November 19th, 2012

Grouping Customer Opinions Written in Natural Language Using Unsupervised Machine Learning

Дорогие коллеги,
В ближайшую субботу, 24 ноября, состоится очередной семинар по автоматической обработке естественного языка. К нам приезжает профессор из университета Брно Ян Жижка. Ян выступит с докладом на тему "Grouping Customer Opinions Written in Natural Language Using Unsupervised Machine Learning".
Внимание - семинар будет проходить на АНГЛИЙСКОМ языке.
In the first part, the talk deals with a problem of automatic clustering of unstructured textual documents. Here, this known problem is investigated empirically, focusing especially on very large data taken from the real world: Reviews of customers of hotel accommodations booked online. The data come from one of popular booking service provided by Using the biggest selection (almost 2,000,000 freely written reviews in English), the talk presents the problem which clustering method should be used, what parameters of the selected algorithm are optimal, and how to estimate the clustering correctness.

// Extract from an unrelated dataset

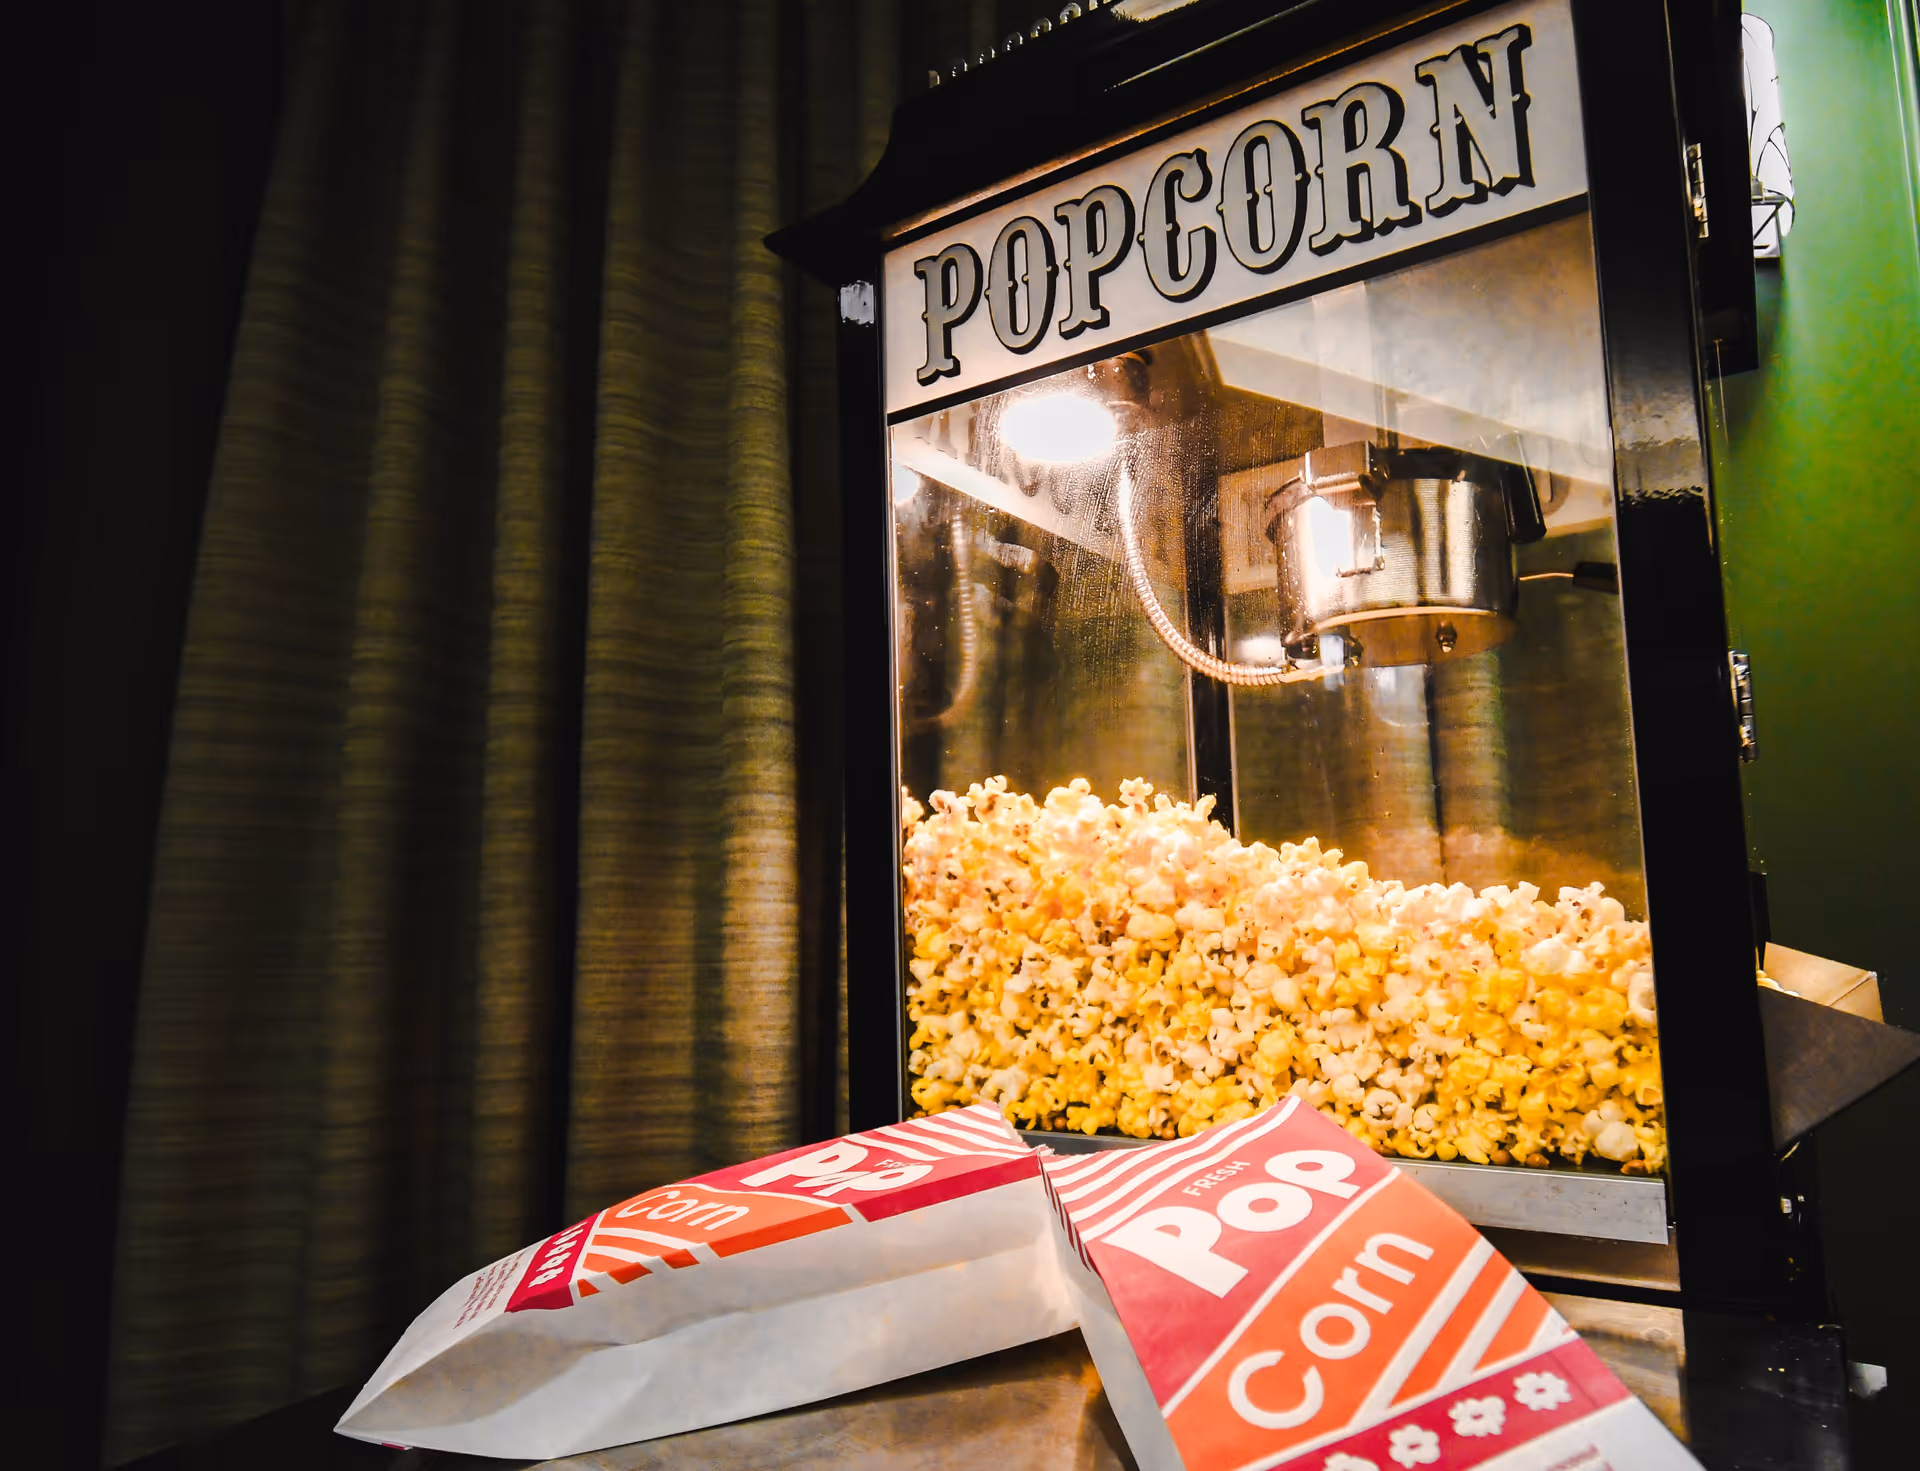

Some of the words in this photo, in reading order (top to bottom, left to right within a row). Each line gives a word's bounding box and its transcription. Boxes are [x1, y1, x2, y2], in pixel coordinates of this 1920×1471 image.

In the second part, the talk mentions another problem that played a specific role in the clustering task and that arose: How to process very large (textual) data volumes when our computers cannot process it because of the never sufficient RAM (memory) size? The side experiments with (pseudo)parallel processing demonstrated some interesting things related to the representing demand of randomly selected subsets of the large original set. When the subsets lose their representative role due to omitting some relevant words because of the selection? Is it better to process more smaller subsets faster or less bigger ones slower?
Семинар пройдет по адресу: 10 линия В.О. дом 49, ауд 308. Начало в 17:00.
Пароль для прохода через вахту: "Я на семинар".